L’habitacle est lui aussi agréablement dessiné, et la planche de bord dégage quelque chose de très moderne. On regrettera cependant que l’habitabilité arrière soit plutôt dans la moyenne inférieure du segment, et idem pour le coffre : 361 litres, voire même 313 litres seulement pour la 2.0 l hybride. Le break sauve les meubles (à défaut de les transporter), avec un volume allant de 598 (ou 581 pour l’hybride) à 1.606 litres.

 

 

Le choix des armes

Comme vous le savez, Toyota élimine progressivement toute trace de diesel de sa gamme, et la Corolla ne fait pas exception. Le catalogue comprend des solutions classiques, avec le 1.2 essence turbo 114ch (non disponible sur 4 portes) et un 1.6 essence atmosphérique 136ch (uniquement sur 4 portes). Mais les entreprises se tourneront évidemment vers l’hybride et là, Toyota propose deux solutions.
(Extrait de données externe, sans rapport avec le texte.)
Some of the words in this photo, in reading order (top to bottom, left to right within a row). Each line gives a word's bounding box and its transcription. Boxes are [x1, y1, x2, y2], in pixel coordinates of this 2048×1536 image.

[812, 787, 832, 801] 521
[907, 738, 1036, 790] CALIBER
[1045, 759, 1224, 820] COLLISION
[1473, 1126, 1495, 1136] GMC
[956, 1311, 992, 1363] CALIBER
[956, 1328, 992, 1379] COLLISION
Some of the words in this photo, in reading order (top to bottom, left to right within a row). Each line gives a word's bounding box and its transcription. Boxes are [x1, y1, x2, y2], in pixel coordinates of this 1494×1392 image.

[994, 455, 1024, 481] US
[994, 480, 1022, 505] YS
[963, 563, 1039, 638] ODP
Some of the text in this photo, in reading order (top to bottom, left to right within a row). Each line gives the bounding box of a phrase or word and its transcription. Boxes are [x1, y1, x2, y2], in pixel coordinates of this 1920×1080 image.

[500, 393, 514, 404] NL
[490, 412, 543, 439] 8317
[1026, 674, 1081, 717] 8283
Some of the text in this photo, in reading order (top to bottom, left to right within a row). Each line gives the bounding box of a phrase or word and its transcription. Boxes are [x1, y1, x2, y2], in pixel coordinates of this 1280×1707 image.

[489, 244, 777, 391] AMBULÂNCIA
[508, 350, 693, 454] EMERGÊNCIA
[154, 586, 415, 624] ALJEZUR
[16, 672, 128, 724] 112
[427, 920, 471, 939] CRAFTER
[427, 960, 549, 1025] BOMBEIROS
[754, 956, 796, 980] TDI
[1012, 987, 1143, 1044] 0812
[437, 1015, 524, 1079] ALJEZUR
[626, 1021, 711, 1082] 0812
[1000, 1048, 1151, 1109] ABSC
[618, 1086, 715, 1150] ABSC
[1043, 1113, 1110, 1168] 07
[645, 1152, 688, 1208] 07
D’une part le 1.8 déjà actif sous les capots de la Prius et du CH-R, mais “dégonflé” ici à 122ch, et surtout un 2.0 hybride de nouvelle génération, développant un total de 180ch. Particularités majeures de ce système : un moteur essence au couple plus généreux, un moteur électrique de 80 kW et 202 Nm (contre 53 kW et 163 Nm pour celui de l’hybride 1.8) et des batteries également plus puissantes. Cela se traduit sur la route par un gros mieux à (presque) tous niveaux.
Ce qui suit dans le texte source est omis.